Work item:
A verbatim copy of the records is required, with all pictures left out.

Available records:

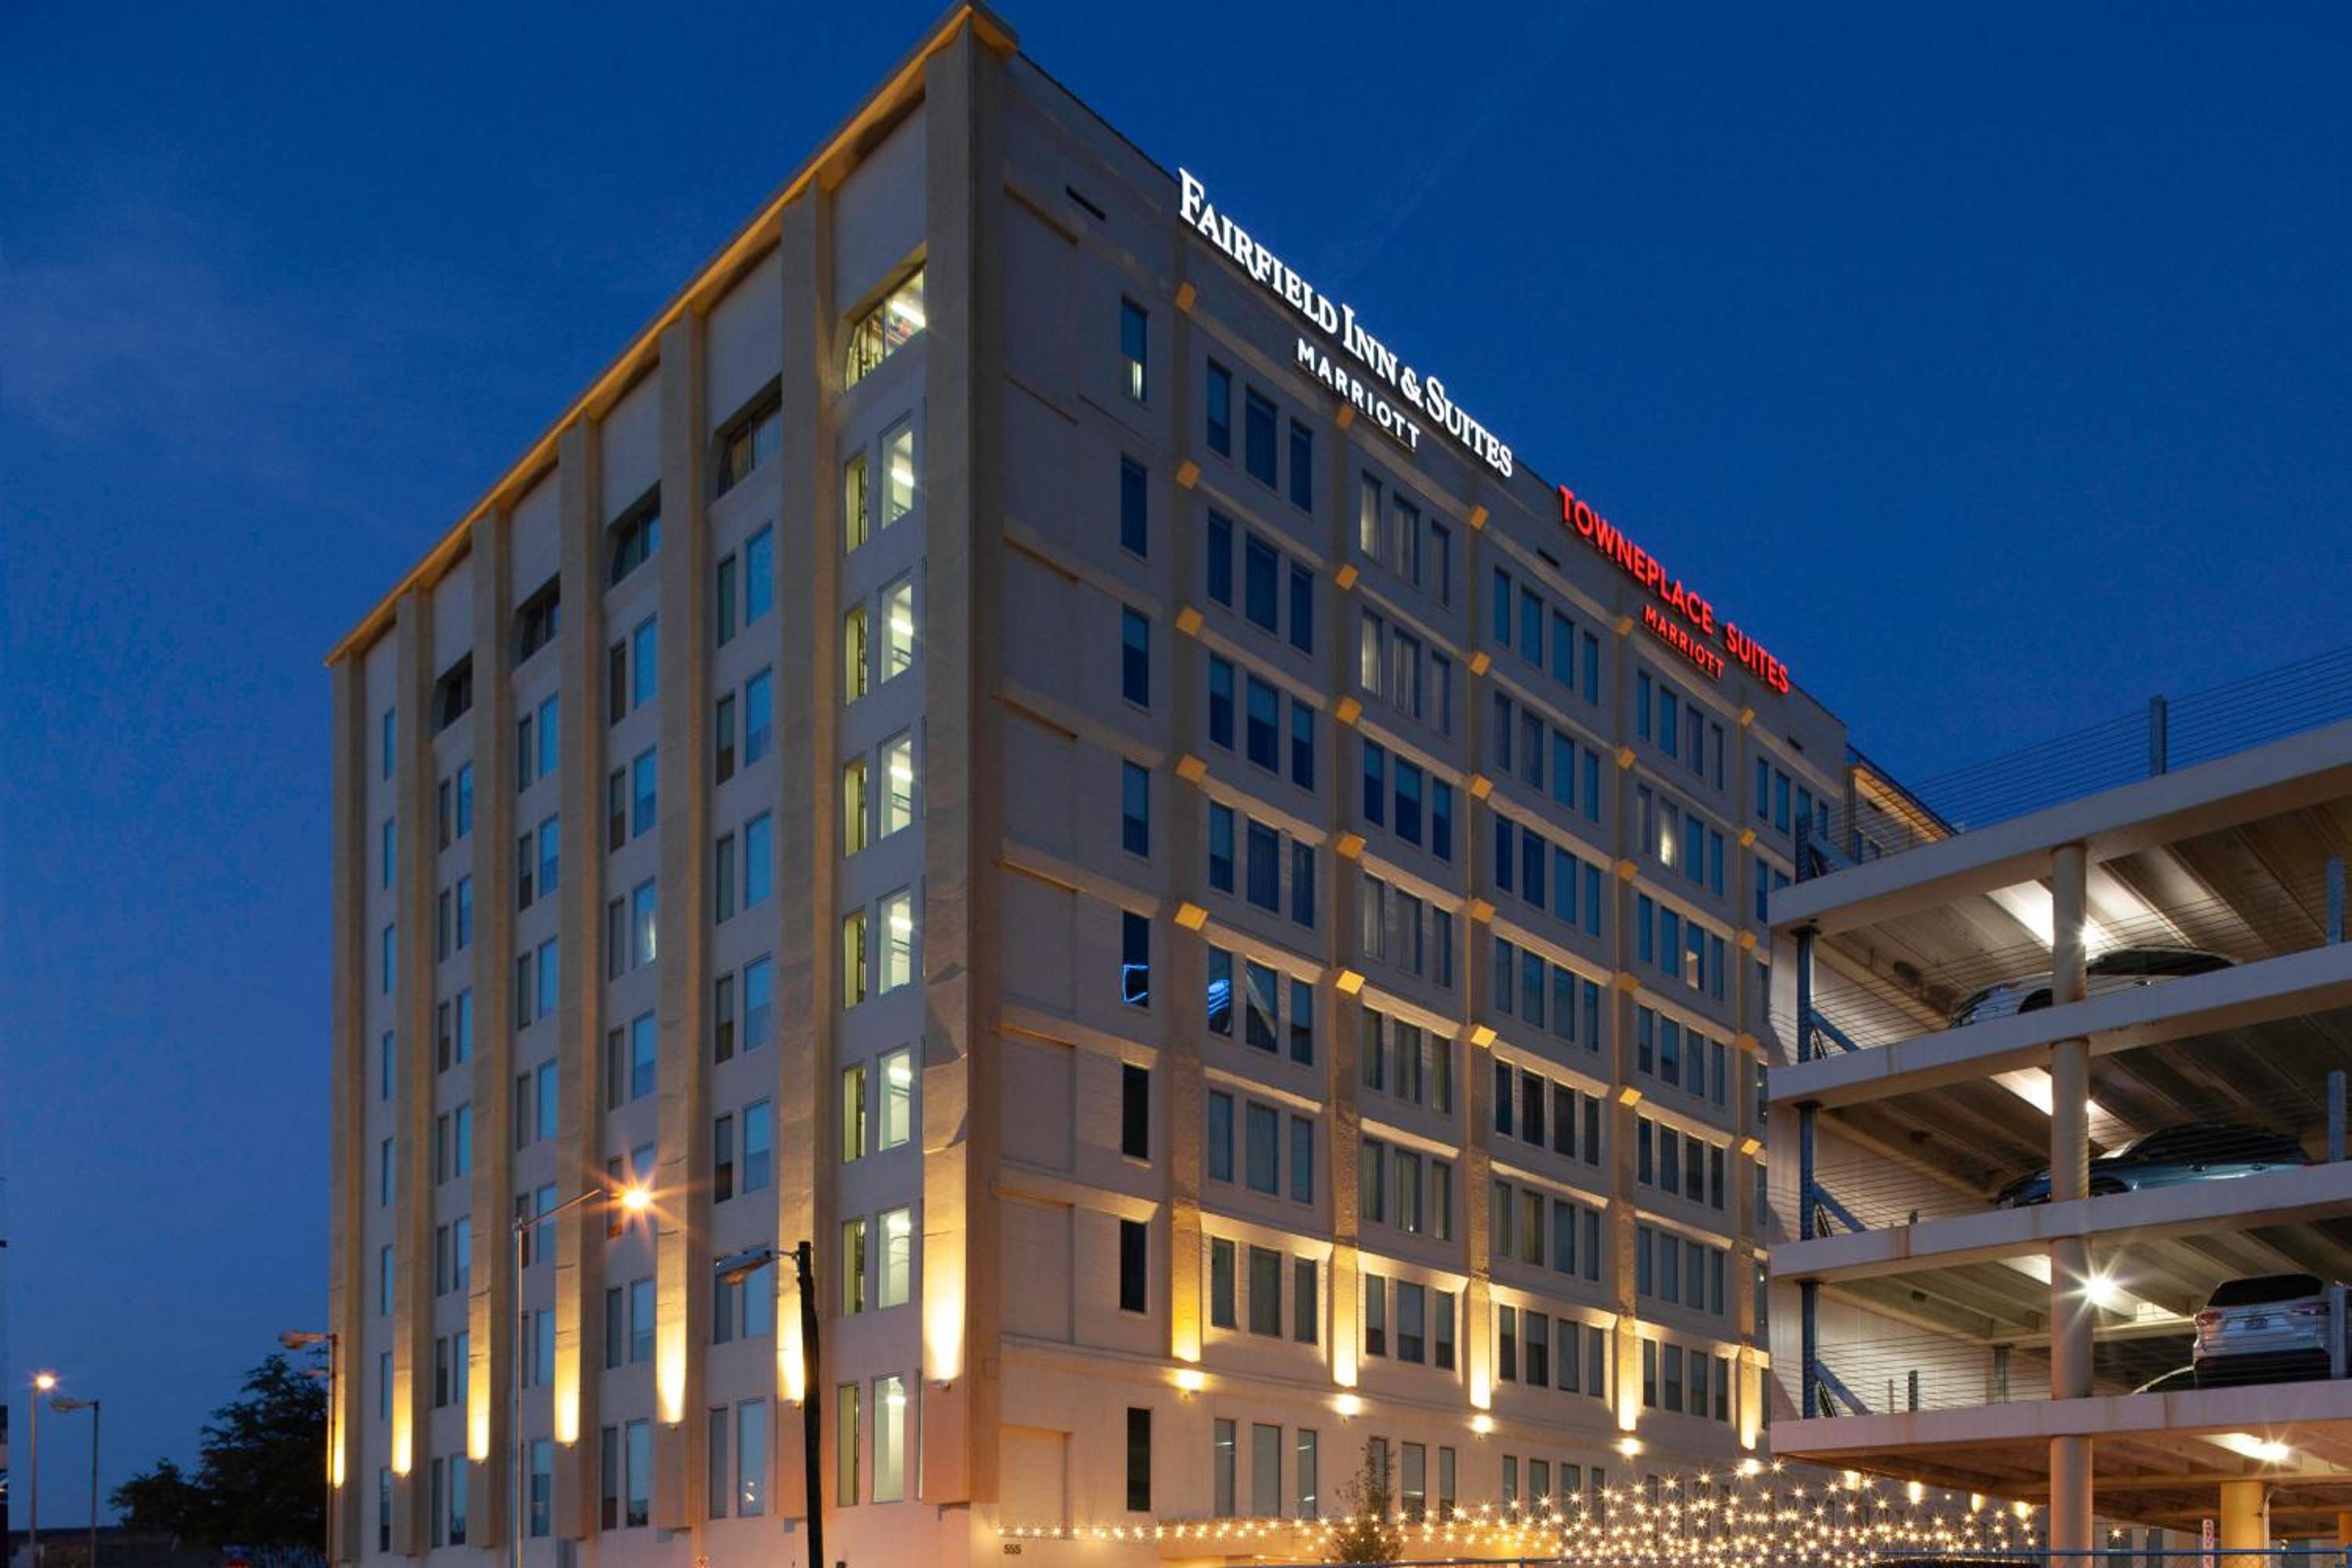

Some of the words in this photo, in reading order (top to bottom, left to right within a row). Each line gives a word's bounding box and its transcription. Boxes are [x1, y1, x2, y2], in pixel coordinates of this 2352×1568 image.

[1179, 168, 1338, 335] FAIRFIELD
[1341, 303, 1398, 386] INN
[1400, 367, 1424, 408] &
[1426, 376, 1512, 477] SUITES
[1298, 338, 1420, 448] MARRIOTT
[1558, 485, 1713, 636] TOWNEPLACE
[1726, 622, 1789, 694] SUITES
[1645, 604, 1725, 678] MARRIOTT

Completed exercise:
Some of the words in this photo, in reading order (top to bottom, left to right within a row). Each line gives a word's bounding box and its transcription. Boxes are [x1, y1, x2, y2], in pixel coordinates of this 2352×1568 image.

[1179, 168, 1338, 335] FAIRFIELD
[1341, 303, 1398, 386] INN
[1400, 367, 1424, 408] &
[1426, 376, 1512, 477] SUITES
[1298, 338, 1420, 448] MARRIOTT
[1558, 485, 1713, 636] TOWNEPLACE
[1726, 622, 1789, 694] SUITES
[1645, 604, 1725, 678] MARRIOTT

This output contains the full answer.